El anticuario by Sir Walter Scott

El anticuario by Sir Walter Scott

autor:Sir Walter Scott
La lengua: spa
Format: epub
Tags: Histórico, Romántico
publicado: 1816-01-01T00:00:00+00:00


Si se encuentra la tumba de Misticot,

serán perdidos y reconquistados

los dominios de Knockwinnock.

Oldbuck, con los anteojos sobre la nariz, ya se había arrodillado delante del monumento y estaba inspeccionando, con los ojos y los dedos, los ruinosos emblemas de la efigie del guerrero fallecido.

—Son las armas de Knockwinnock, estoy seguro —exclamó—, y el escudo de armas de los Wardour.

—Richard, llamado Wardour el Manos Rojas, se casó con Sybil Knockwinnock, la heredera de la familia sajona, y esa alianza —explicó sir Arthur— trajo el castillo y la tierra al nombre de los Wardour, en el año de Dios de 1150.

—Muy cierto, sir Arthur; y aquí está la contrabanda, la señal de ilegitimidad, que se extiende en diagonal por los dos escudos. ¿Cómo es posible que no hayamos visto este curioso monumento antes?

—Sí, ¿dónde estaba la losa, cómo es que no ha aparecido antes ante nuestros ojos? —dijo Ochiltree—. Porque yo conozco esta iglesia desde que era niño, hace ya más de sesenta años, y nunca la había visto; y no tiene precisamente el tamaño de una mota de polvo que uno no ve en sus gachas.

Y todos forzaron la memoria para traer a ella el estado anterior de esa esquina del presbiterio, y hubo acuerdo en recordar un considerable montón de escombros que debían de haber retirado y esparcido en otro lugar para que la tumba fuera visible.
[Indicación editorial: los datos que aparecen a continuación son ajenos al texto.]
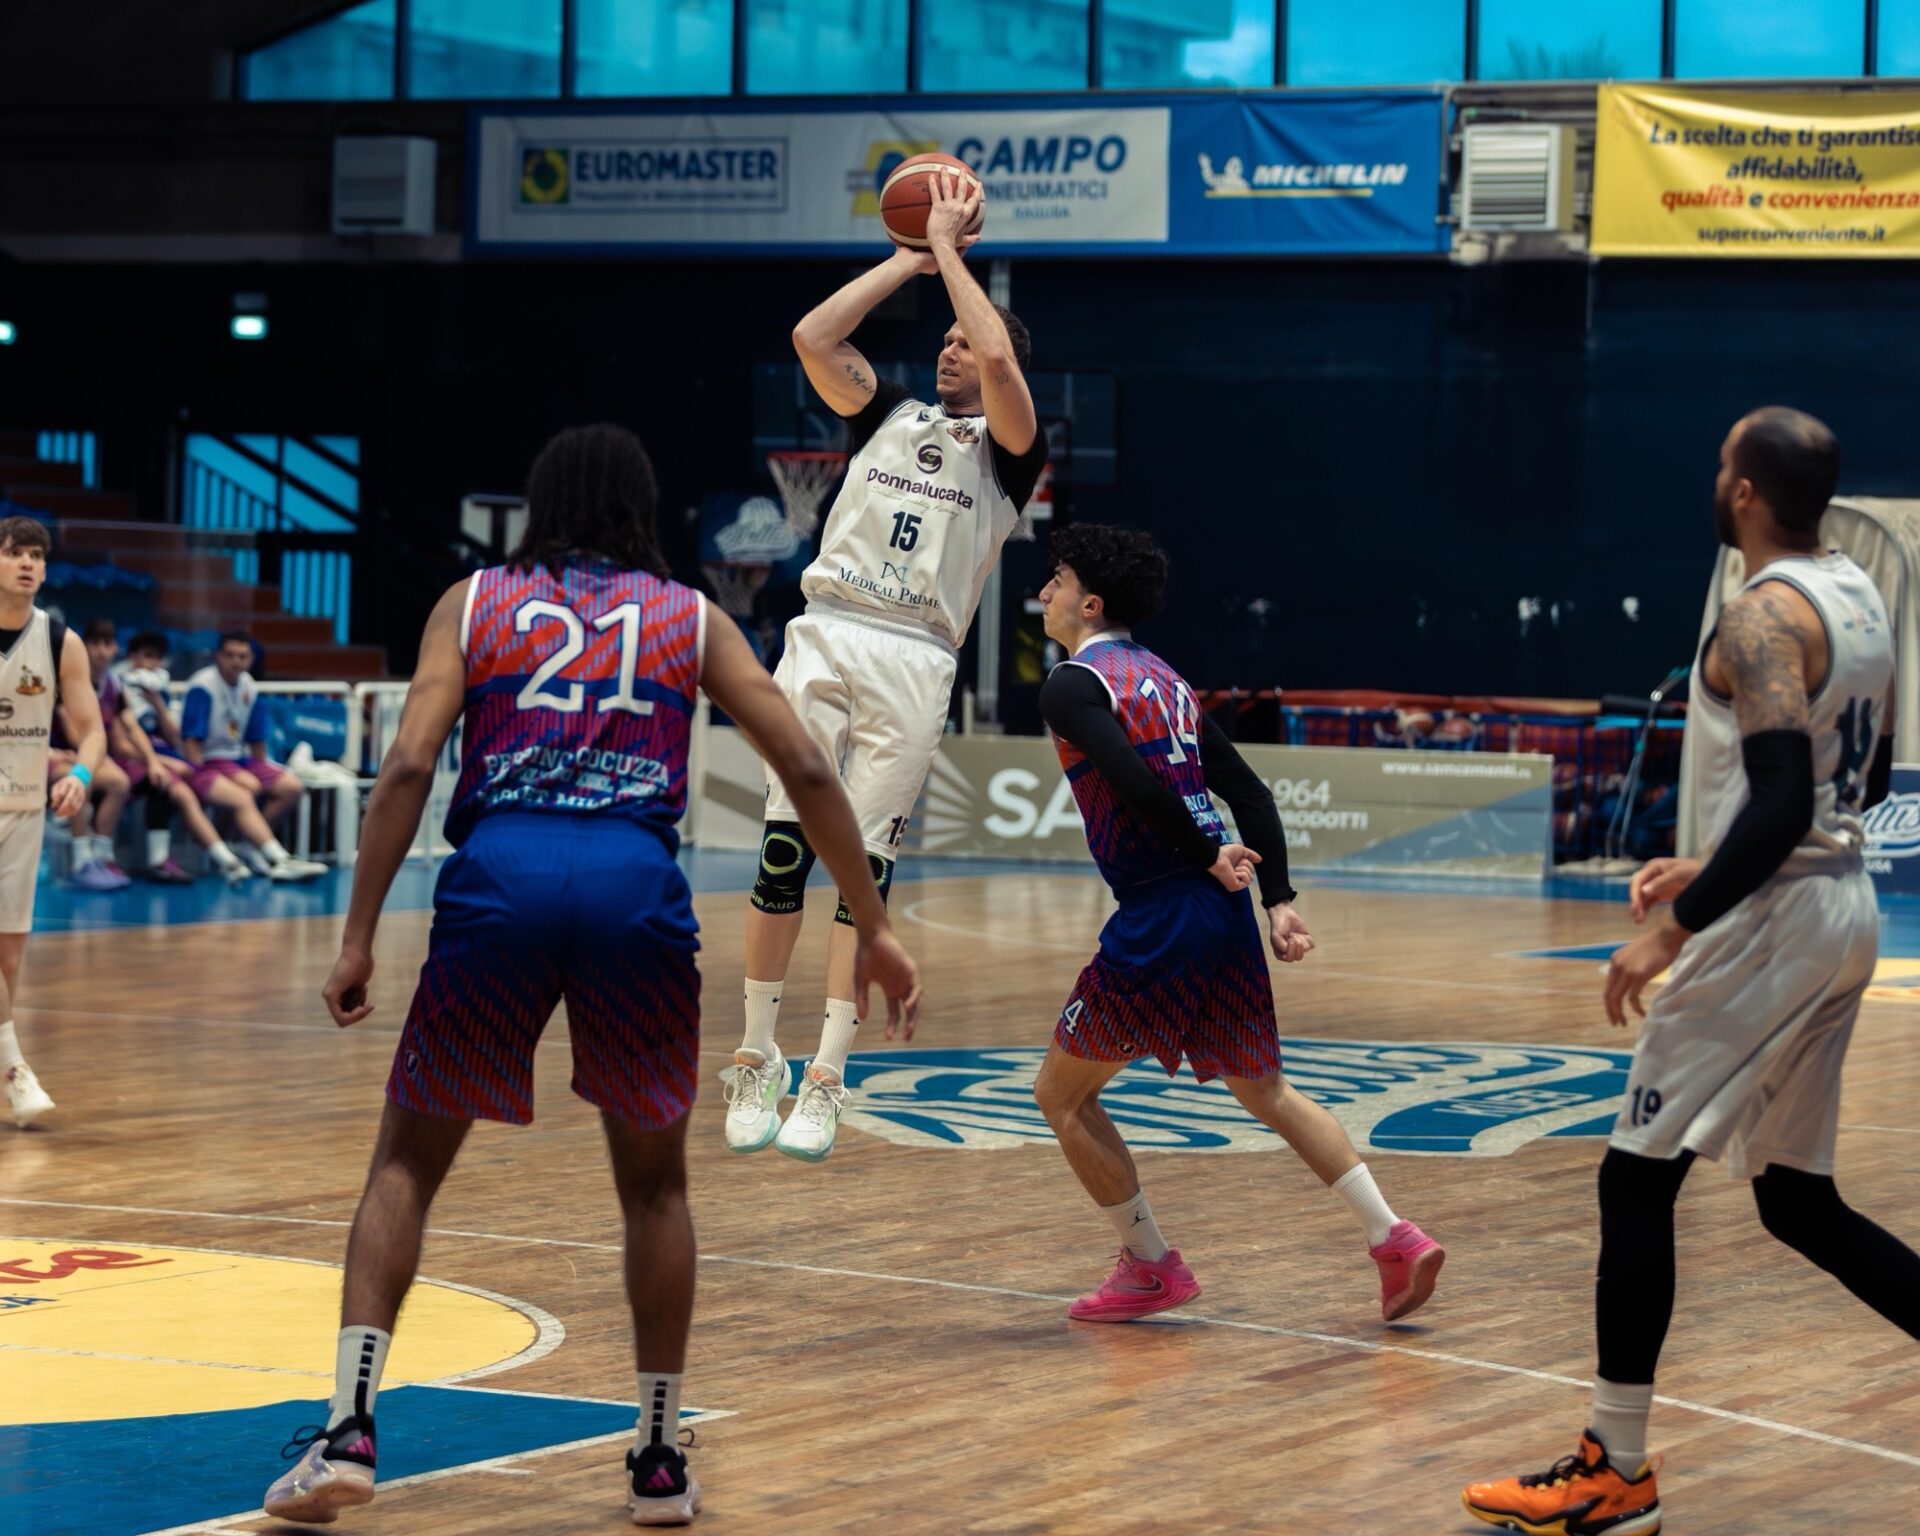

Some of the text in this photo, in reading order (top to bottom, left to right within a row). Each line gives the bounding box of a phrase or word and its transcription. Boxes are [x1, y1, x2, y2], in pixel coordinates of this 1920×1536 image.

[1650, 123, 1676, 145] La
[1682, 124, 1746, 145] scelta
[1751, 126, 1790, 145] che
[1797, 127, 1813, 145] ti
[575, 150, 777, 181] EUROMASTER
[954, 134, 1127, 174] CAMPO
[1253, 164, 1408, 185] MICHELIN
[982, 179, 1108, 201] NEUMATICI
[1660, 184, 1920, 212] qualità e convenienza
[1697, 224, 1885, 242] superconveniente.it
[867, 467, 974, 510] Donnalucata
[889, 510, 923, 552] 15
[515, 598, 654, 715] 21
[1139, 677, 1203, 765] 14
[576, 746, 669, 787] COCUZZA
[1260, 778, 1331, 808] 964
[1278, 809, 1369, 831] RODOTTI
[752, 890, 796, 911] GIBAUD
[1631, 1085, 1663, 1127] 19
Solo sir Arthur podría, de hecho, recordar el monumento por la ocasión precedente, pero su cabeza estaba entonces demasiado agitada para percibir la novedad.
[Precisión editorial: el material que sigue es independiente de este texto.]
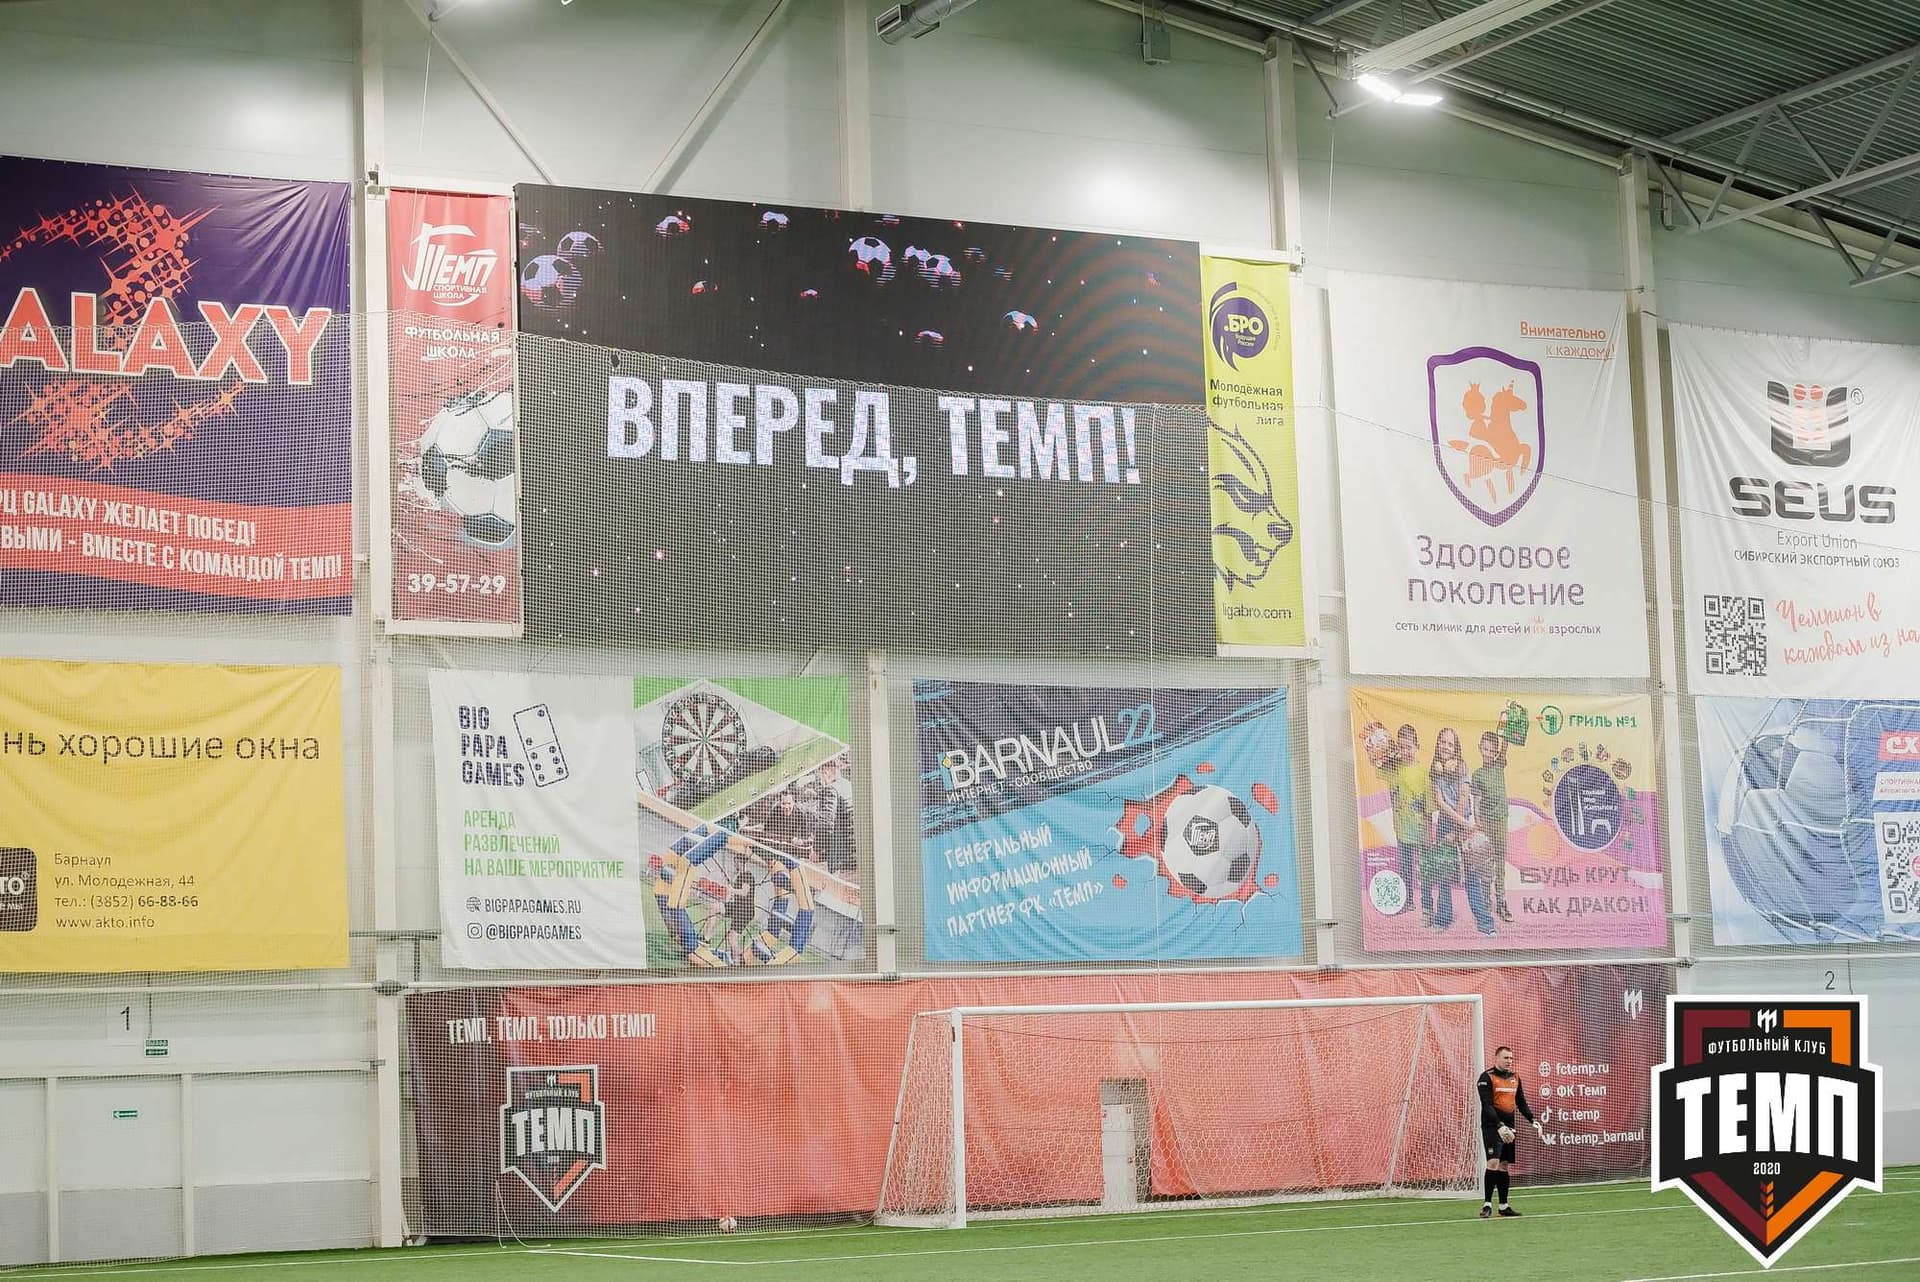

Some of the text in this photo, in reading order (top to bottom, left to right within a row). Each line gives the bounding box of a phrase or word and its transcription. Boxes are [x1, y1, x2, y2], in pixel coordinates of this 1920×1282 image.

[433, 284, 487, 294] СПОРТИВНАЯ
[433, 291, 465, 300] ШКОЛА
[0, 287, 332, 385] ALAXY
[404, 326, 500, 344] ФУТБОЛЬНАЯ
[1520, 321, 1607, 340] Внимательно
[426, 345, 476, 359] ШКОЛА
[1546, 345, 1553, 355] к
[1210, 378, 1283, 397] Молодёжная
[1212, 396, 1284, 412] футбольная
[1256, 416, 1284, 427] лига
[607, 376, 1141, 488] ВПЕРЕД, ТЕМП!
[1729, 476, 1896, 524] SEUS
[0, 489, 257, 546] Ц GALAXY ЖЕЛАЕТ ПОБЕД!
[1777, 530, 1858, 550] Export Union
[1, 525, 62, 553] ВЫМИ
[82, 532, 156, 568] ВМЕСТЕ
[161, 543, 175, 569] С
[179, 543, 284, 581] КОМАНДОЙ
[289, 554, 342, 580] ТЕМП!
[1416, 534, 1571, 571] Здоровое
[1734, 550, 1900, 568] СИБИРСКИЙ ЭКСПОРТНЫЙ СОЮЗ
[408, 574, 506, 595] 39-57-29
[1408, 578, 1585, 606] поколение
[1223, 602, 1292, 619] ligabro.com
[1776, 599, 1865, 632] Чемпион
[1395, 621, 1419, 631] сеть
[1422, 622, 1463, 633] клиник
[1465, 624, 1486, 634] для
[1488, 623, 1522, 635] детей
[1549, 626, 1601, 637] взрослых
[1897, 627, 1920, 646] на
[458, 705, 490, 730] BIG
[1569, 715, 1638, 728] ГРИЛЬ №1
[3, 732, 321, 764] нь хорошие окна
[461, 733, 509, 759] PAPA
[462, 760, 525, 787] GAMES
[947, 781, 1006, 803] ИНТЕРНЕТ
[1015, 760, 1093, 789] СООБЩЕСТВО
[464, 810, 516, 830] АРЕНДА
[464, 833, 560, 854] РАЗВЛЕЧЕНИЙ
[944, 824, 1053, 870] ГЕНЕРАЛЬНЫЙ
[54, 853, 111, 868] Барнаул
[465, 859, 624, 878] НА ВАШЕ МЕРОПРИЯТИЕ
[55, 875, 195, 889] ул. Молодежная, 44
[946, 847, 1092, 904] ИНФОРМАЦИОННЫЙ
[1520, 867, 1579, 887] БУДЬ
[55, 896, 199, 909] тел.: (3852) 66-88-66
[485, 899, 582, 914] BIGPAPAGAMES.RU
[947, 881, 1104, 938] ПАРТНЕР ФК «ТЕМП»
[1523, 896, 1649, 917] КАК ДРАКОН!
[56, 916, 155, 929] www.akto.info
[485, 924, 582, 940] @BIGPAPAGAMES
[1825, 970, 1836, 990] 2
[120, 1006, 130, 1031] 1
[447, 1014, 656, 1044] ТЕМП, ТЕМП, ТОЛЬКО ТЕМП!
[1556, 1063, 1610, 1077] fctemp.ru
[1557, 1085, 1607, 1097] ФК Темп
[1558, 1109, 1600, 1122] fc.temp
[512, 1107, 595, 1156] ТЕМП
[1560, 1128, 1644, 1146] fctemp_barnaul
Mientras los asistentes estaban absortos en estos recuerdos y conversaciones, los obreros continuaban su labor. Habían cavado casi cinco pies y, como sacar la tierra era cada vez más difícil, empezaban a resentirse del esfuerzo.

—Hemos llegado al fondo —dijo uno de ellos—, y aquí no hay féretro ni nada; apuesto a que algún listo ha estado aquí antes que nosotros.

Y el obrero salió de la tumba.

—A ver, amigo —dijo Edie, ocupando su sitio—, deja que lo intente este viejo enterrador; sois buenos buscadores, pero malos encontradores.

Apenas hubo entrado en la tumba, hundió la empuñadura de su bastón en el fondo; encontró resistencia, y el mendigo exclamó:

—Ni mitades ni cuartos; todo para mí, y nada para mi vecino.

Todos, desde el descorazonado baronet hasta el huraño adepto, se arremolinaron alrededor de la tumba, ahora poseídos por la curiosidad, y habrían saltado dentro si hubiera habido suficiente espacio. Los obreros, que habían empezado a decaer en su aparentemente vano esfuerzo, recogieron sus herramientas y volvieron al trabajo con renovado ardor. Pronto las palas rozaron una dura superficie de madera, que, al despejar la tierra, adoptó la forma definida de un cofre, aunque mucho más pequeña que la de un ataúd. Todas las manos se aplicaron en sacarlo de la tumba, y todas las voces, al alzarlo, elogiaban su peso y auguraban su valor. No se equivocaban.

El cofre o la caja fue colocado en la superficie, y la tapa forzada con la ayuda de un pico; ante ellos apareció en primer lugar una burda lona que cubría una capa de estopa; debajo vieron una cantidad de lingotes de plata.